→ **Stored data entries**

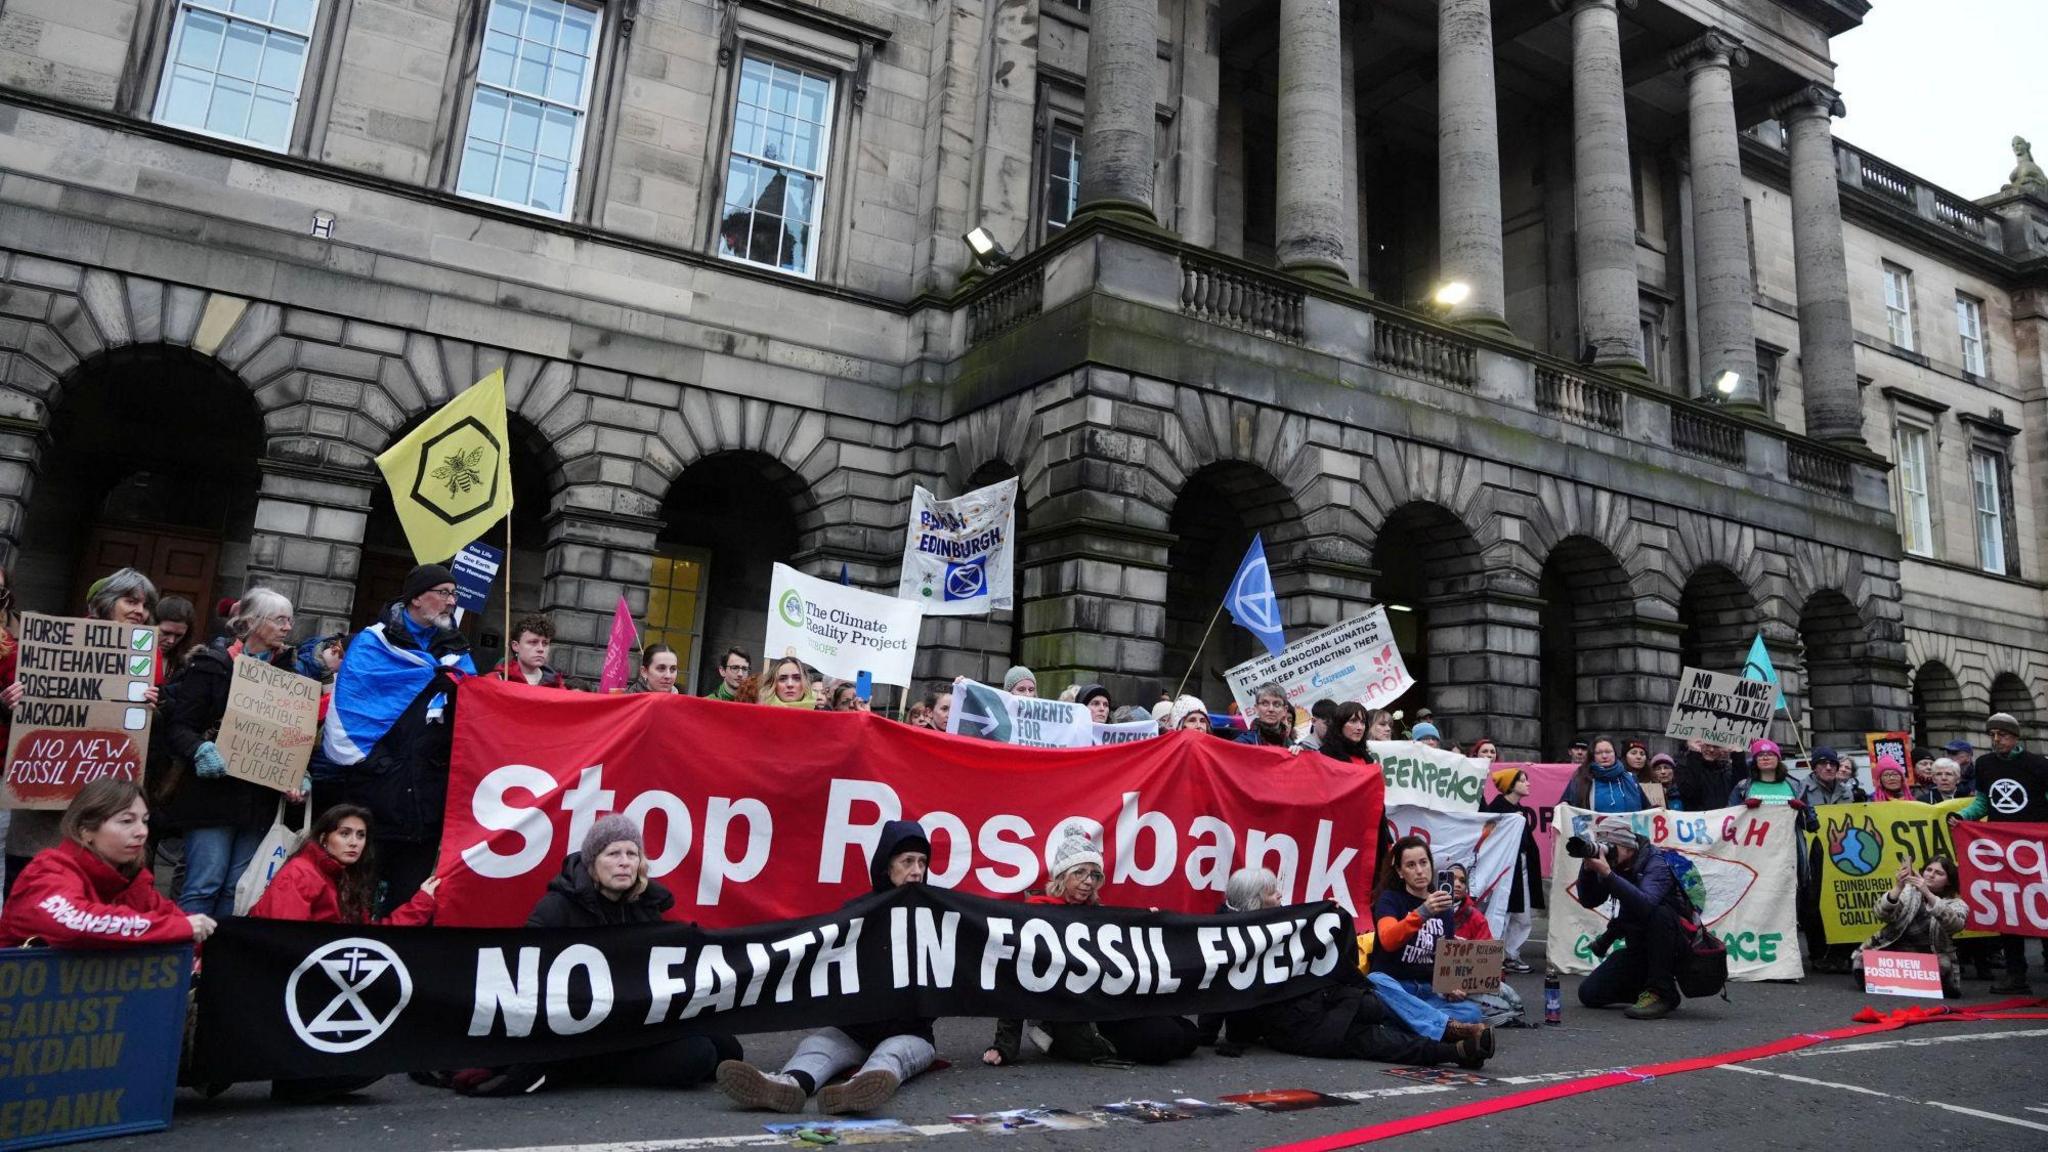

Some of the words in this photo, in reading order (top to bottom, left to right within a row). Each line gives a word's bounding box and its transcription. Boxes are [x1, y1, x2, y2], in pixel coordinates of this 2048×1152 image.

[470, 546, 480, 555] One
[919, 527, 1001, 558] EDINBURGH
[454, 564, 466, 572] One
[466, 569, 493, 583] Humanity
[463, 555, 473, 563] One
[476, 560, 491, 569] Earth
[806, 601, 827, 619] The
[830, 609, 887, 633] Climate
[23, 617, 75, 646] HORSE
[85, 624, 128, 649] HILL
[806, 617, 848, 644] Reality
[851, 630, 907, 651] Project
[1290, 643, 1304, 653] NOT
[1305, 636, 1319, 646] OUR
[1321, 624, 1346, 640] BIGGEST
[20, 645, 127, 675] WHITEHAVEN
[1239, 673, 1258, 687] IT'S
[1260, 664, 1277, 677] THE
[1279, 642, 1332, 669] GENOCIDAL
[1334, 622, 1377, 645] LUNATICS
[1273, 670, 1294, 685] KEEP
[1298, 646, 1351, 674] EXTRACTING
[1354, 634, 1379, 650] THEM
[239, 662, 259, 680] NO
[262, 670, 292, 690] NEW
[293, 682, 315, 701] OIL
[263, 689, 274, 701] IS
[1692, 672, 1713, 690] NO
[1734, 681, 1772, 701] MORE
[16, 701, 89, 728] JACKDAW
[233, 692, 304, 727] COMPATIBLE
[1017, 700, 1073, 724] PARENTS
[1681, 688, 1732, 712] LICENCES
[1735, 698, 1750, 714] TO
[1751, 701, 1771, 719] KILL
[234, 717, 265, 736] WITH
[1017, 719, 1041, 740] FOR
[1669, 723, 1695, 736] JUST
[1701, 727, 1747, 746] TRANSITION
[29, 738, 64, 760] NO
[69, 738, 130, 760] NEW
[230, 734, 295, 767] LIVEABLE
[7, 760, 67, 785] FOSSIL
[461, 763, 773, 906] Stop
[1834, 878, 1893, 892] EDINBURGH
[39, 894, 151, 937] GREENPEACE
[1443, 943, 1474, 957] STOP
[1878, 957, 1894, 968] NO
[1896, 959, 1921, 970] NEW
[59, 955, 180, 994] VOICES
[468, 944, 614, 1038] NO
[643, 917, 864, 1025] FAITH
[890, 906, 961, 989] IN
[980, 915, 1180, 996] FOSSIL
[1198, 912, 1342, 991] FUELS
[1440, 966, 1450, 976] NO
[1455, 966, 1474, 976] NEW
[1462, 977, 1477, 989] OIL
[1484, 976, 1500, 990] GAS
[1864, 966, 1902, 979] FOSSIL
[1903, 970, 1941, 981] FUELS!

→ **Problem statement**
For the word "EDINBURGH", count the lines of the data that contain it and report only the total.

→ **Result of this exercise**
2